Public-key cryptography is an indispensable component used in almost all of our present-day digital infrastructure. However, most if not all of it is predominantly built upon hardness guarantees of number theoretic problems that can be broken by large-scale quantum computers in the future. Sensing the imminent threat from continued advances in quantum computing, NIST has recently initiated a global-level standardization process for quantum resistant public-key cryptographic primitives such as public-key encryption, digital signatures, and key encapsulation mechanisms. While the process received proposals from various categories of post-quantum cryptography, lattice-based cryptography features most prominently among all the submissions. Lattice-based cryptography offers a very attractive alternative to traditional public-key cryptography mainly due to the variety of lattice-based schemes offering varying flavors of security and efficiency guarantees.

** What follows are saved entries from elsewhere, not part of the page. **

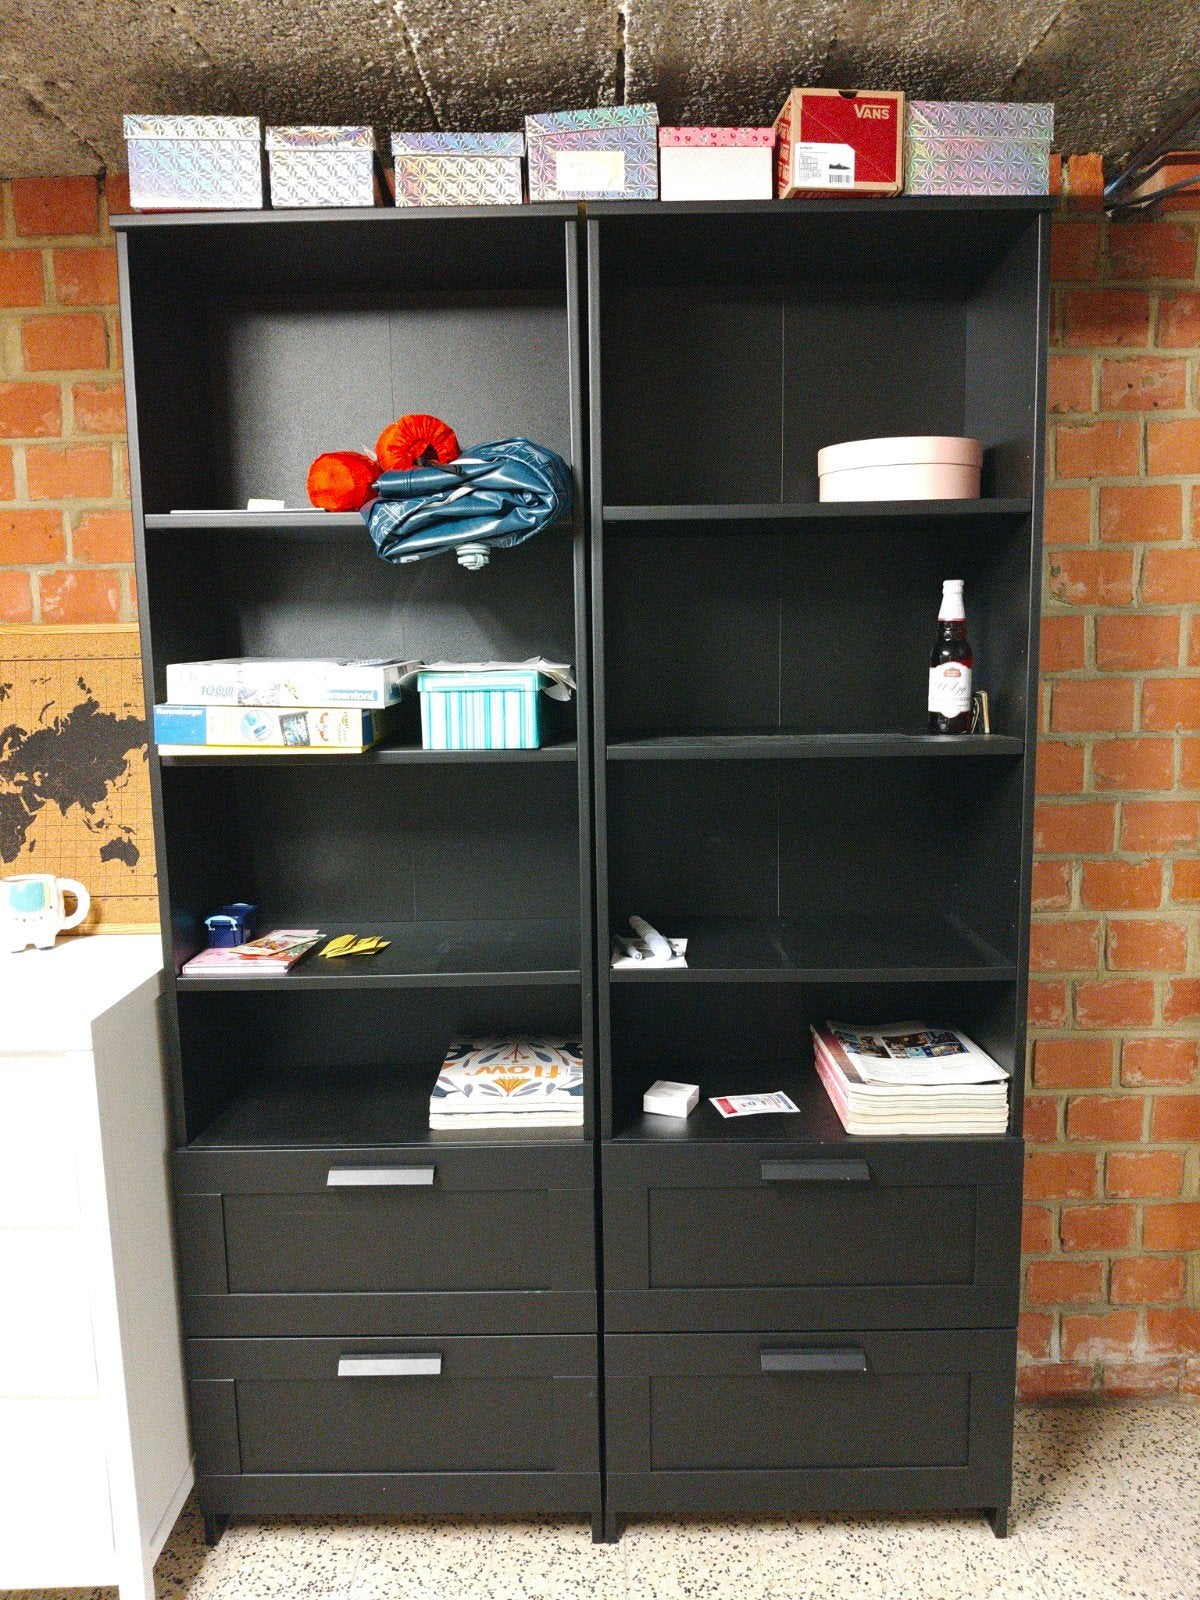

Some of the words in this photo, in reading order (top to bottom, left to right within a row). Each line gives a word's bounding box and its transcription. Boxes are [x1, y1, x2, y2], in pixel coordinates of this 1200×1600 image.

[853, 103, 891, 120] VANS
[200, 685, 234, 696] 1000
[464, 1063, 561, 1079] flow
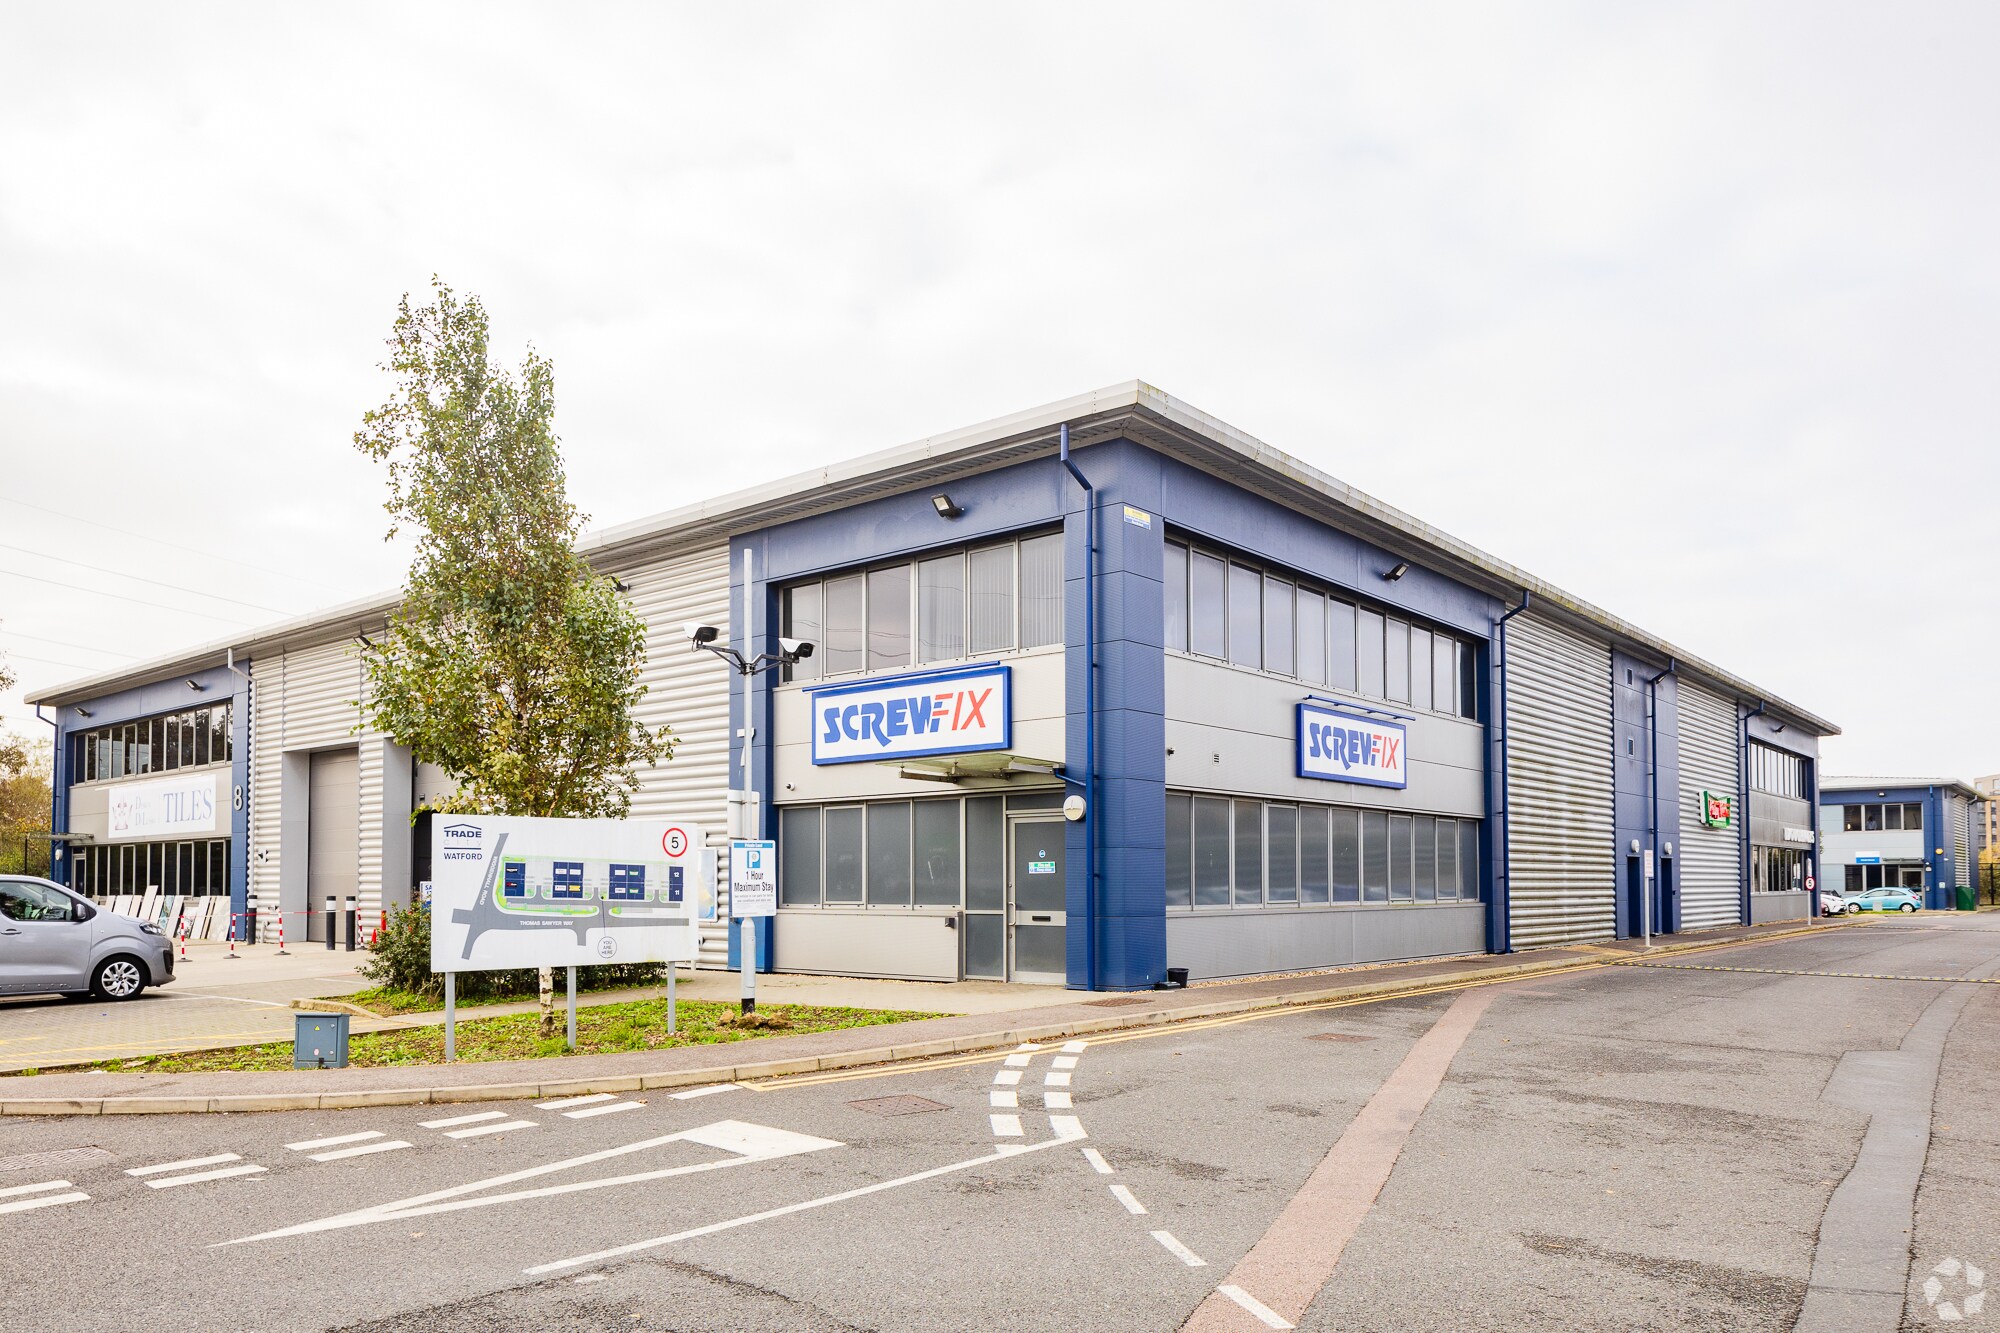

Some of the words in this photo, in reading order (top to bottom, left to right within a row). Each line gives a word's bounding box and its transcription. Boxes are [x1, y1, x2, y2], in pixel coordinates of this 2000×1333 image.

[823, 687, 993, 747] SCREWFIX
[1309, 722, 1400, 771] SCREWFIX
[234, 784, 244, 811] 8
[163, 788, 212, 823] TILES
[443, 830, 482, 838] TRADE
[671, 836, 679, 849] 5
[443, 852, 483, 860] WATFORD
[745, 871, 749, 880] 1
[750, 870, 764, 880] Hour
[734, 882, 760, 892] Maximum
[761, 881, 774, 893] Stay
[480, 889, 488, 906] ROAD
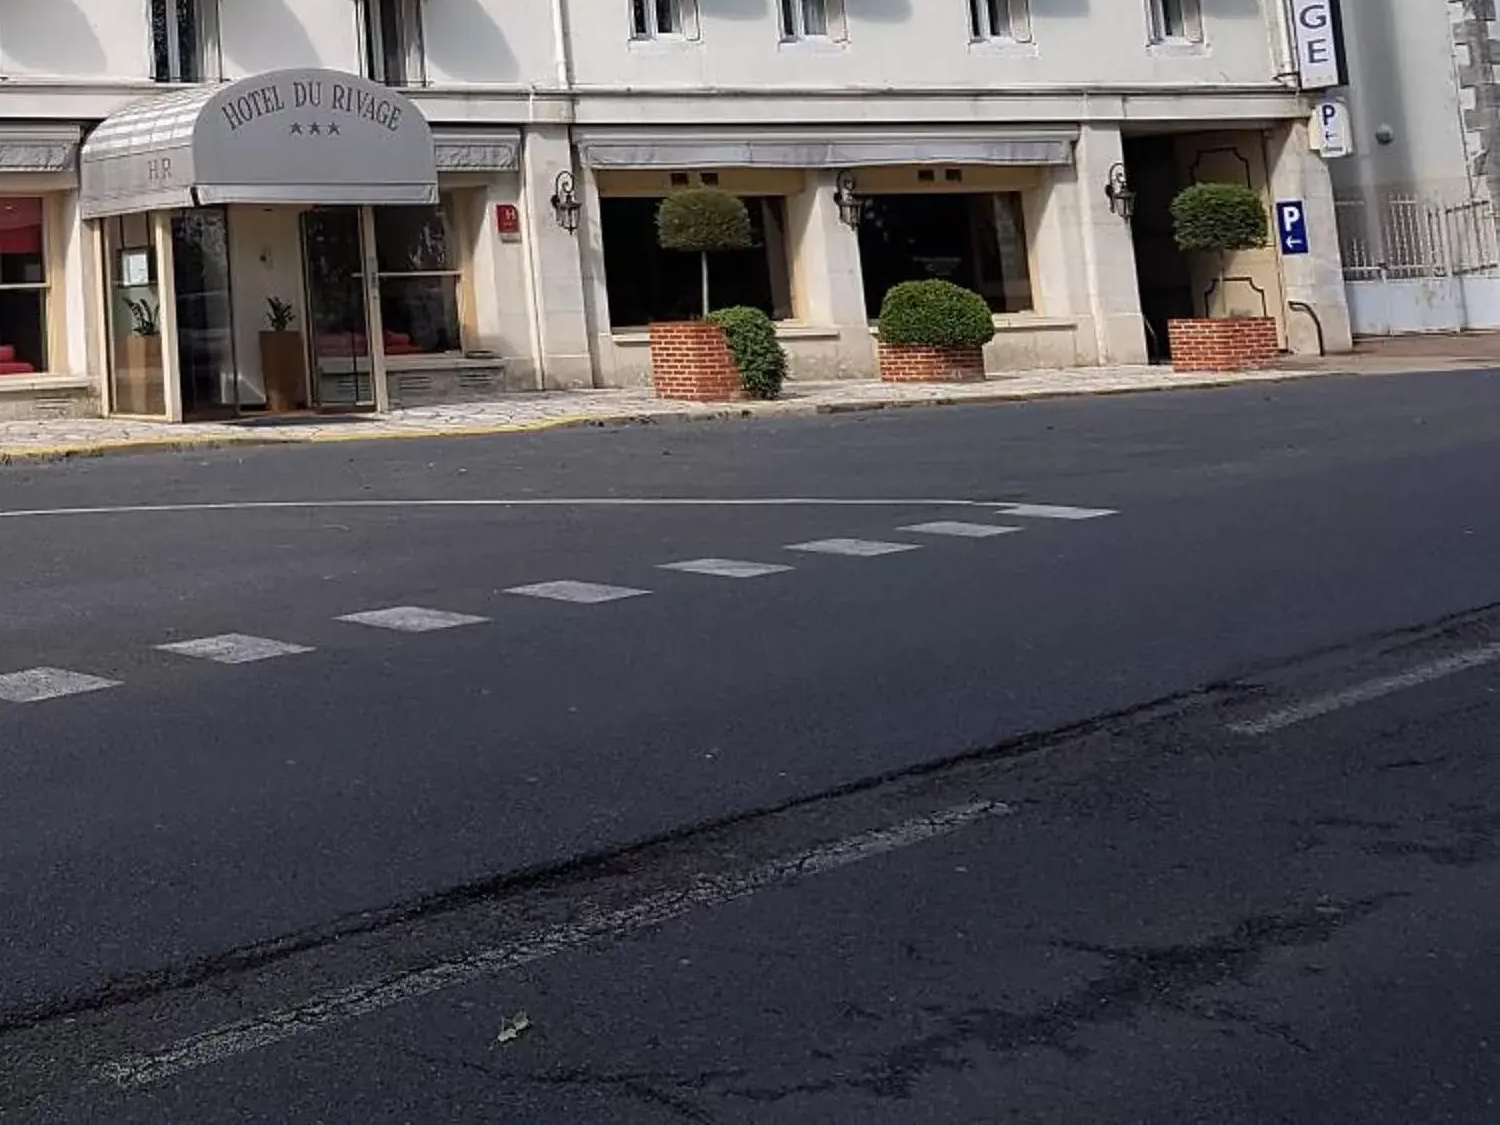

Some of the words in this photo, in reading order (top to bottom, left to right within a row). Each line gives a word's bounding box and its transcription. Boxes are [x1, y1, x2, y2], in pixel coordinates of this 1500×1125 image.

[221, 85, 285, 132] HOTEL
[293, 81, 322, 108] DU
[332, 83, 402, 132] RIVAGE
[1322, 104, 1336, 126] P
[1283, 206, 1300, 232] P
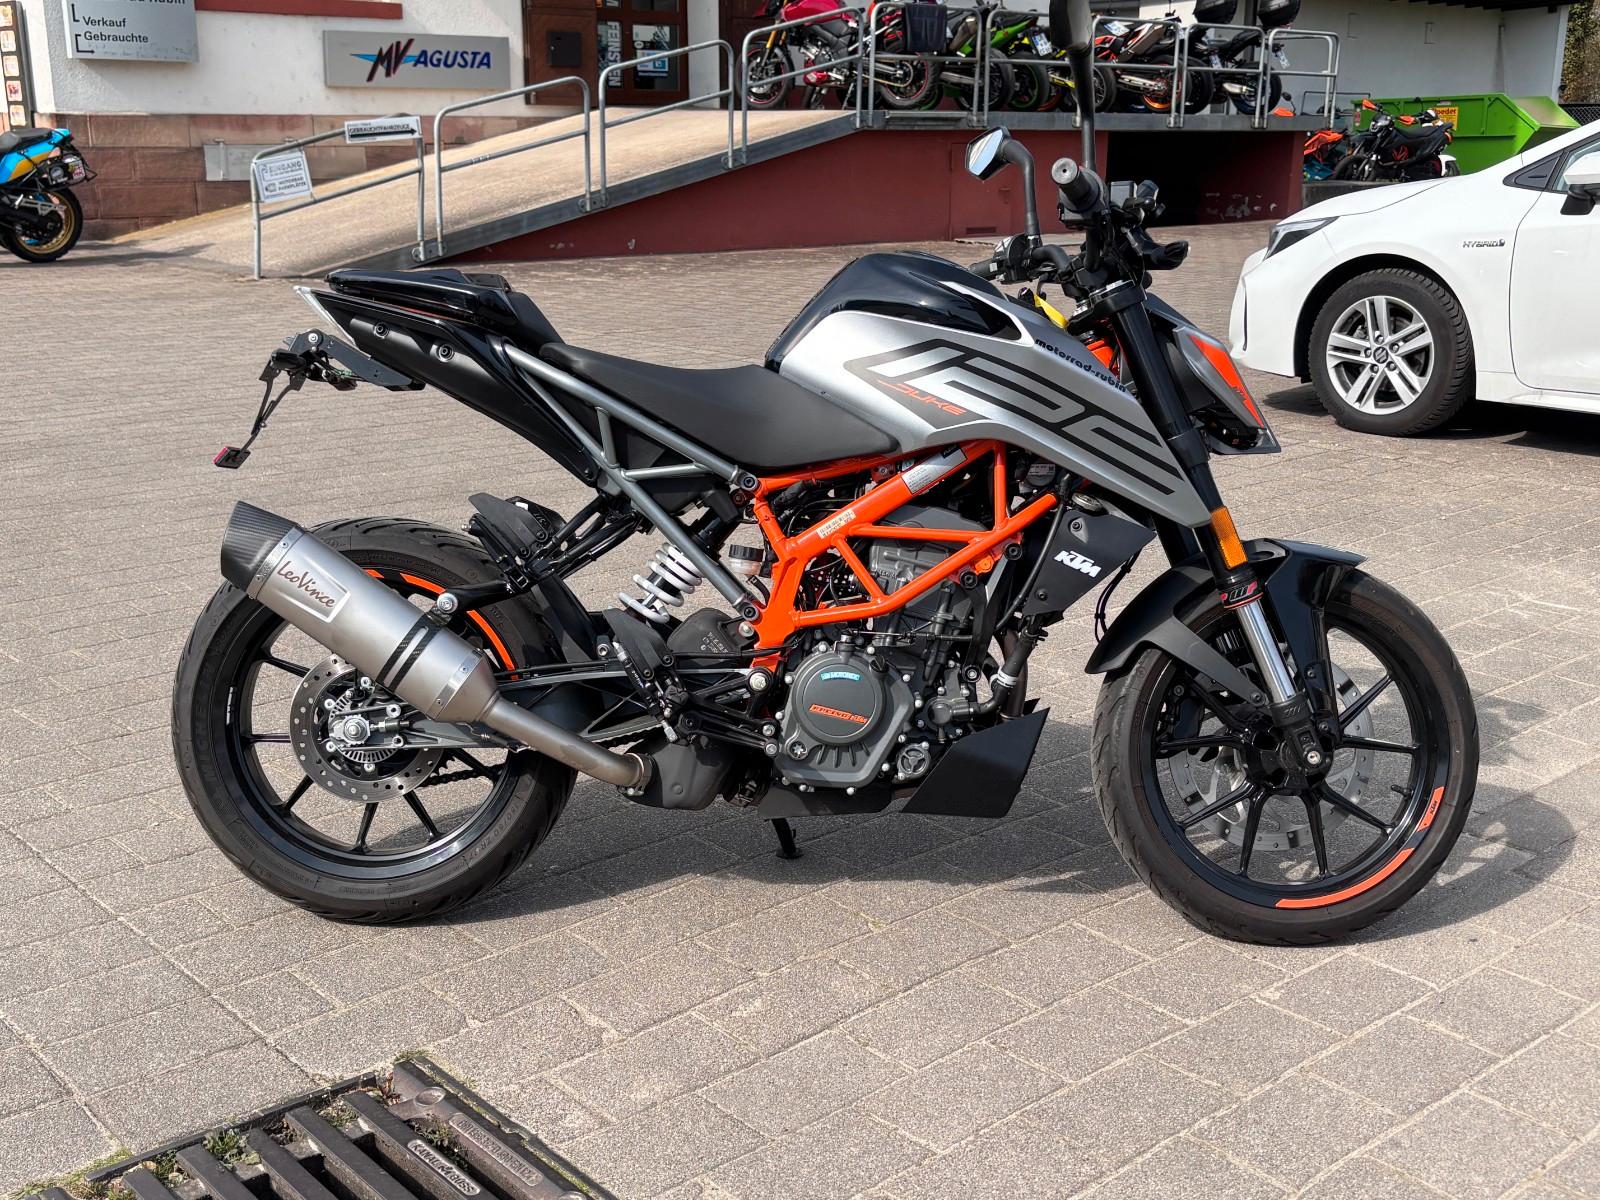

In this article, we survey the evolution of lattice-based key-sharing schemes (public-key encryption and key encapsulation schemes) and cover various aspects ranging from theoretical security guarantees, general algorithmic frameworks, practical implementation aspects, and physical attack security, with special focus on lattice-based key-sharing schemes competing in the NIST’s standardization process.

中文翻译：

---

基于格的密钥共享方案

公钥密码学是我们当今几乎所有数字基础设施中不可或缺的组成部分。然而，即使不是全部，大部分也主要建立在数论问题的硬度保证之上，这些问题在未来可以被大型量子计算机破解。NIST 意识到量子计算的持续进步带来的迫在眉睫的威胁，最近启动了针对抗量子公钥密码原语（例如公钥加密、数字签名和密钥封装机制）的全球级标准化流程。虽然该过程收到了来自各种后量子密码学类别的提案，但基于格的密码学特征在所有提交中最为突出。基于格的密码学为传统的公钥密码学提供了一种非常有吸引力的替代方案，这主要是因为基于格的各种方案提供了不同风格的安全性和效率保证。在本文中，我们调查了基于格的密钥共享方案（公钥加密和密钥封装方案）的演变，涵盖了从理论安全保证、通用算法框架、实际实现方面和物理攻击安全等各个方面，特别关注在 NIST 标准化过程中竞争的基于格的密钥共享方案。